Katie put the phone down gently, well-trained enough to be wary even of bumping something that had cost so much. She had in mind throwing a load of laundry into the machine, but when she leaned forward, intending to get ‘up and at it’, as Dad always said, her body declined to cooperate. It was a Sunday afternoon, after all, and she hadn’t bothered to turn up the AC, so the condo was warm enough to make her a little drowsy.

She spent a lot of Sunday afternoons reading, but that didn’t seem like a good choice, not when her eyes were drooping shut.

A hike, maybe? It was close to eighty outside, a little unusual for the end of February, even in Southern California, but if she drove up to one of the trails near the beach, there might be a breeze coming in off the water.

Okay, yeah. That’s a plan.

All she needed to do was…

Take a shower and wash her hair. Choose an outfit that wouldn’t make her look homeless or sloppy or fashion-blind if she ran into someone who wanted to score a selfie with her, though that would probably be an outfit that wasn’t at all comfortable to hike in. She’d have to put on makeup, too, and style her hair.

All of that on the off chance that some stranger would recognize her.

You lead a charmed life, Katherine Dunn, she told herself firmly.

Sure, it had taken her almost seven years to score a really good role after she’d moved to Los Angeles post-college, but there were thousands of people here who’d been struggling for decades, who were barely getting by. Katie, on the other hand, had gotten enough work even early on that she’d always been able to pay her bills, and now she was famous, more or less.

Living in a beautiful condo.

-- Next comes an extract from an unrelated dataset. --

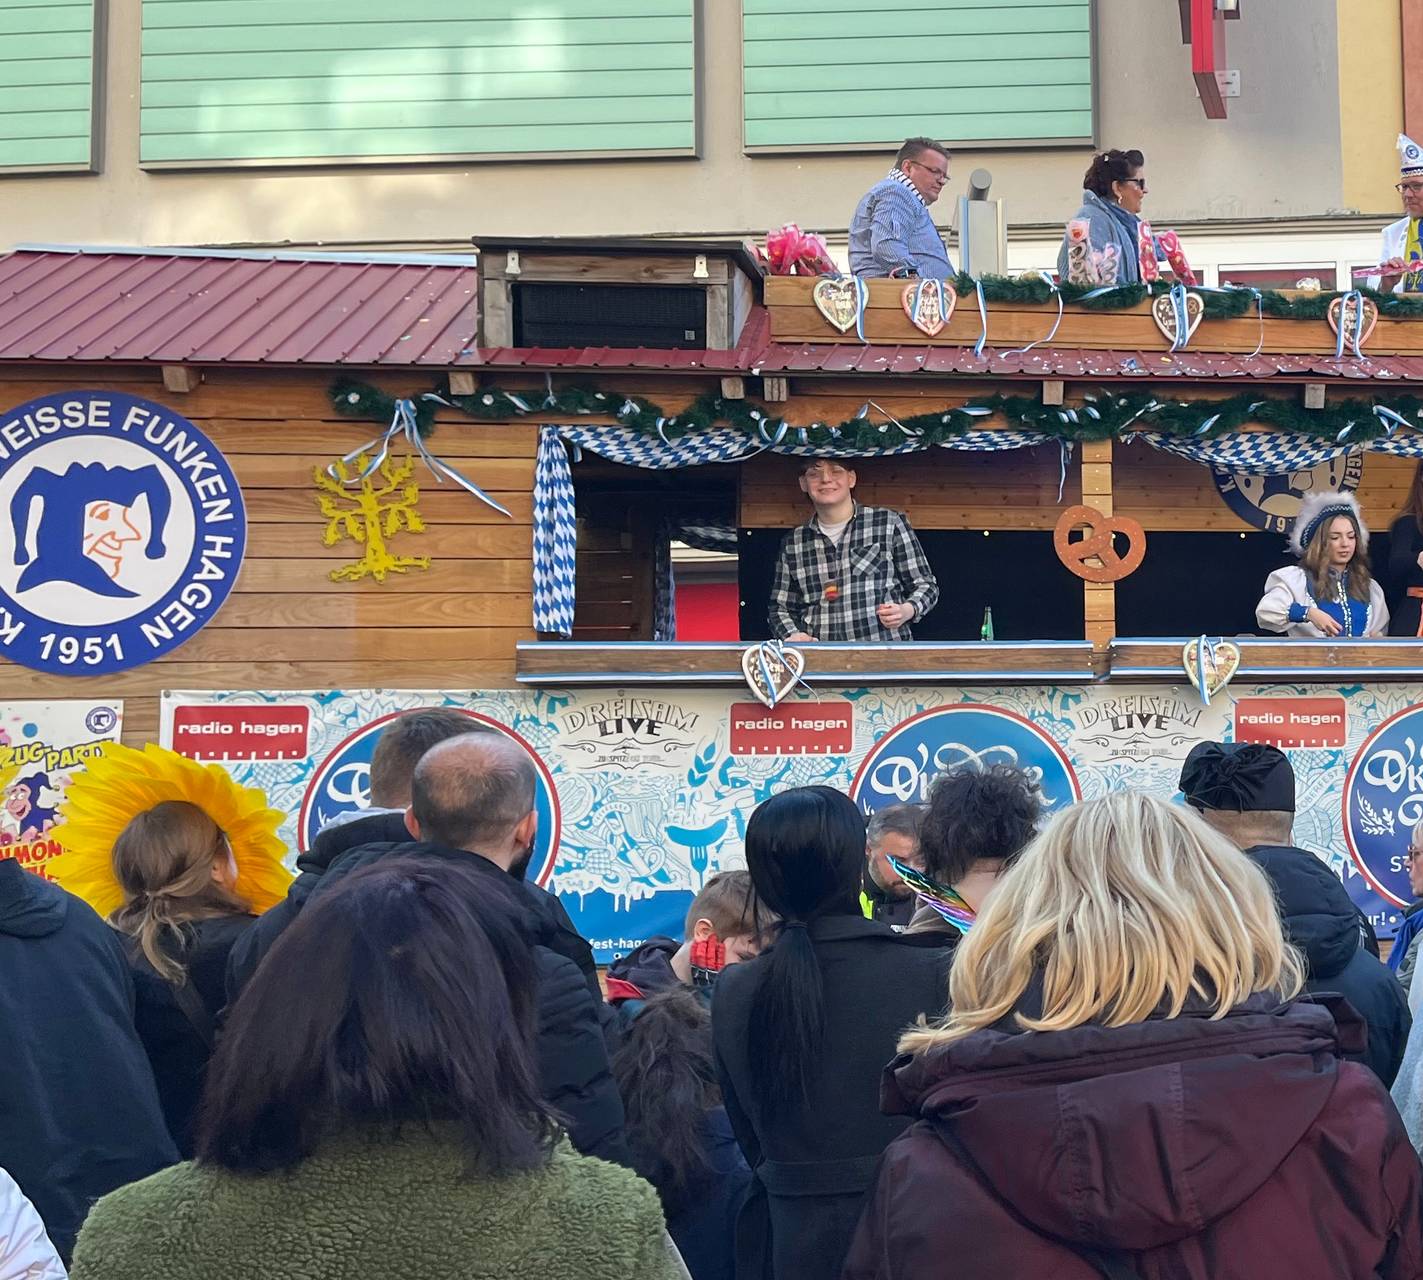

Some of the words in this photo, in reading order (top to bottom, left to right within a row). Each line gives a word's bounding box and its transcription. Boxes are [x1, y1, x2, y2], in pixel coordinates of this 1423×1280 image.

Able to fly home for a visit whenever she liked. Able to eat in good restaurants and buy expensive phones.

Shaking her head, she struggled up out of her chair, pushed open the sliding door and went out onto the balcony.

It was a big space, lined with potted plants of all sizes. There were comfortable chairs there too, but she didn’t sit down. Instead, she went to the waist-high railing that surrounded the balcony and leaned there, gazing across the courtyard at the building on the other side.

Back home, she knew almost everyone who lived within a few blocks of her parents. Here, she really knew almost no one.

It was best to be careful, Amanda had told her; it wasn’t just boyfriends who’d try to take advantage of her, it was pretty much everyone, and that certainly seemed to be true, at least sometimes.

The cute guy she often saw walking his twin German shepherds had wanted to be introduced to Ellery. That Mohawked bagger at the market wanted a better job and thought Katie could help with that. Darcy, who lived in one of the apartments Katie could see from her balcony, had asked three times for a loan.

There were nice people, too, of course. People who didn’t seem to want anything, who were simply friendly.

But it was best to be careful.

Even her grandfather had asked if Katie could introduce him to Mark Harmon. “Tell him I love his show,” he’d instructed her, and her reply that she’d never met Mr. Harmon had left him undeterred. “You might run into him one day,” he said, patting her on the arm. “You never know.”

Nope, you sure didn’t.

It wasn’t until her mother’s voice (chiming in from the back of her mind) had reminded her for the umpteenth time not to ‘moon’ that she stepped away from the railing and went back inside.

It was too quiet here, too warm, and if she gave in to Sunday afternoon ennui, it would end up being Sunday evening, and then Monday morning, and there would be Ellery, crying softly at the table read.

When Katie reached her bedroom, she addressed herself in the mirror with a stern shake of her head.

“Enough of this,” she told her mirror-self. “Up and at ’em, girlie.”